Annotated photo localization data:
# # # #

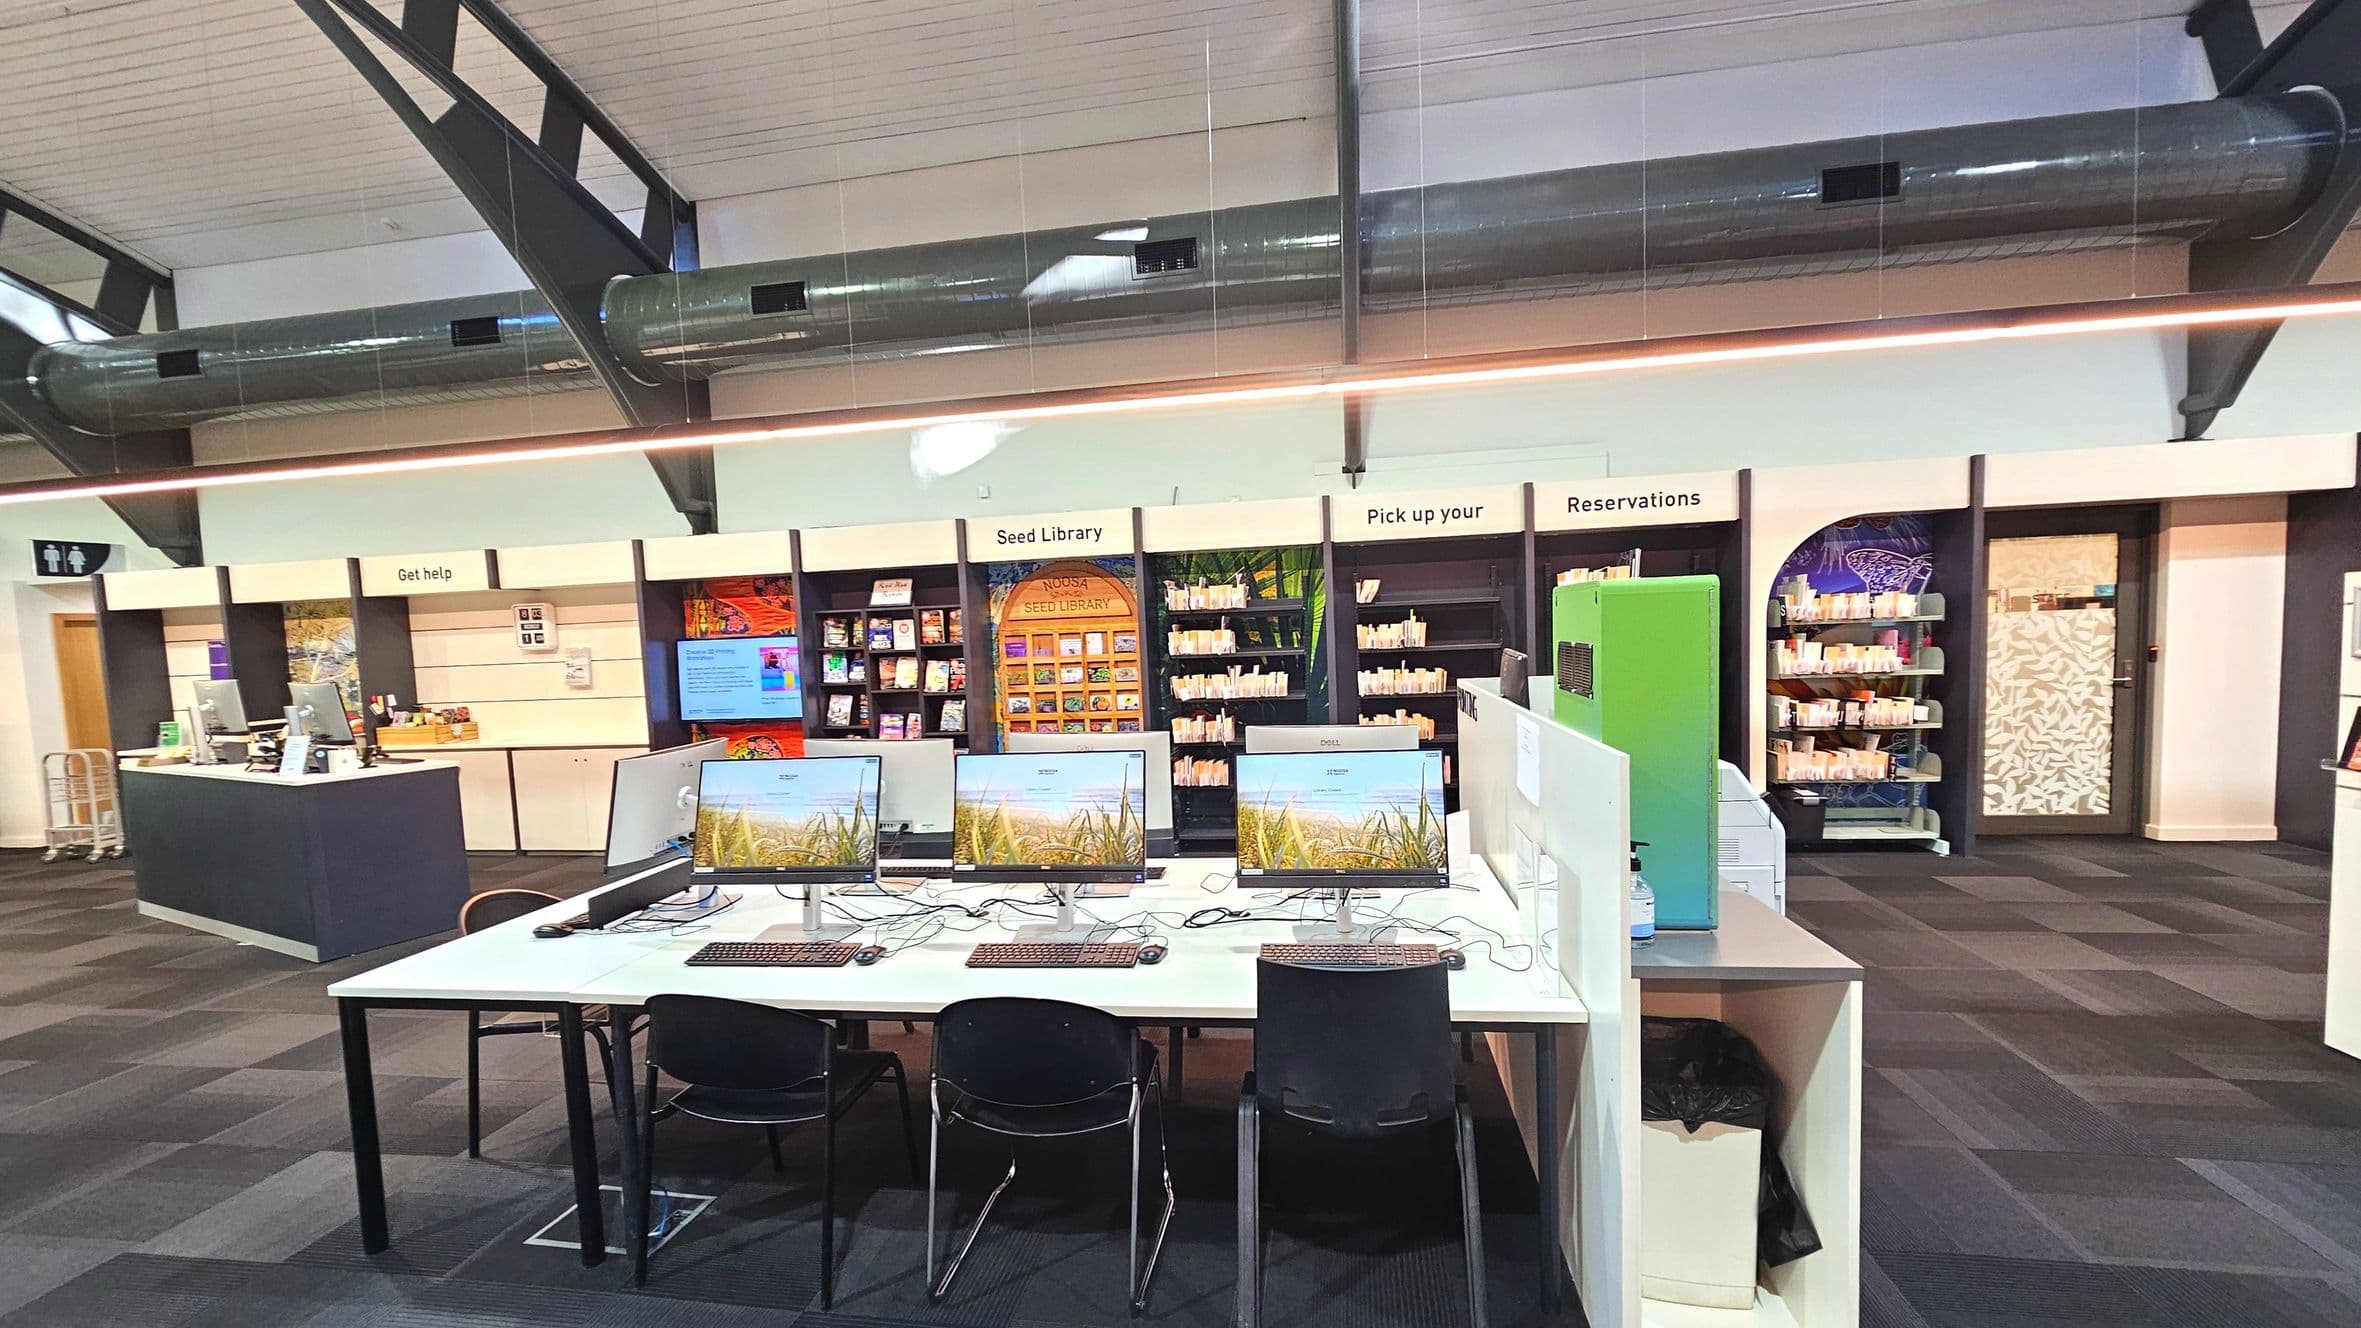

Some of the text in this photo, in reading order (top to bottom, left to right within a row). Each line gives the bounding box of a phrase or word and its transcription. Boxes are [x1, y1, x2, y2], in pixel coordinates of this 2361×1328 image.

[1567, 490, 1701, 513] Reservations
[1367, 505, 1484, 525] Pick up your
[997, 526, 1103, 545] Seed Library
[398, 566, 452, 582] Get help
[1042, 576, 1089, 592] NOOSA
[1024, 598, 1111, 613] SEED LIBRARY
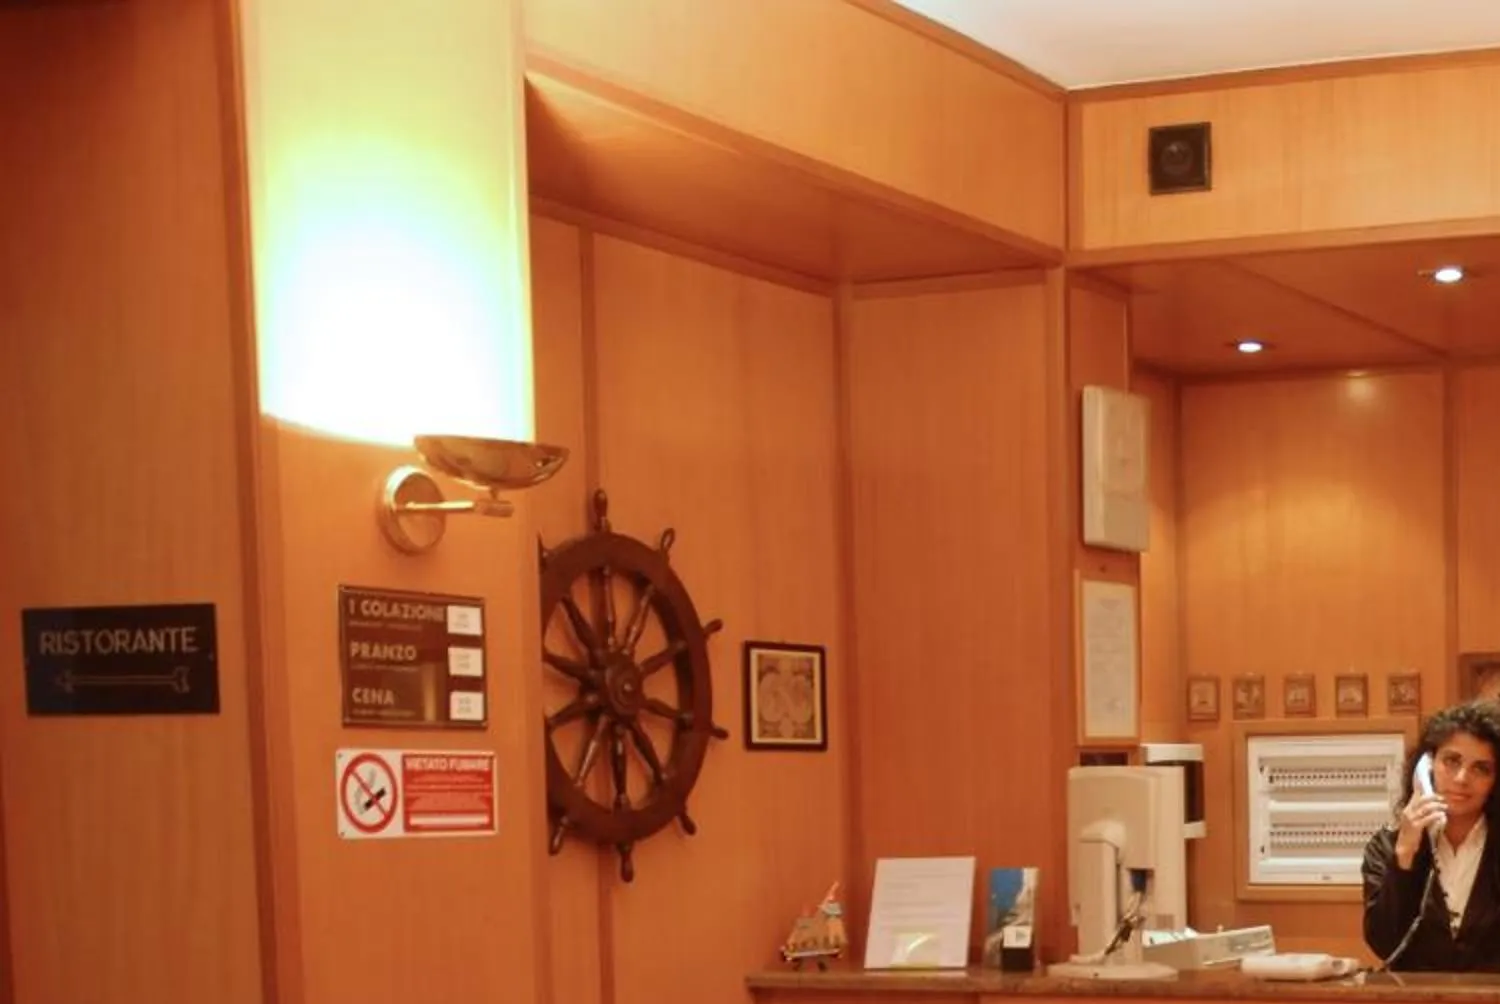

# # # #

▸ YOUR TASK
Go through the entries above and print each one exactly, minus the pictures.

▸ EXPECTED OUTPUT
Some of the text in this photo, in reading order (top to bottom, left to right within a row). Each line gives the bounding box of a phrase or word and its transcription. Boxes are [x1, y1, x2, y2], in pixel coordinates of this 2361×1328 image.

[1567, 490, 1701, 513] Reservations
[1367, 505, 1484, 525] Pick up your
[997, 526, 1103, 545] Seed Library
[398, 566, 452, 582] Get help
[1042, 576, 1089, 592] NOOSA
[1024, 598, 1111, 613] SEED LIBRARY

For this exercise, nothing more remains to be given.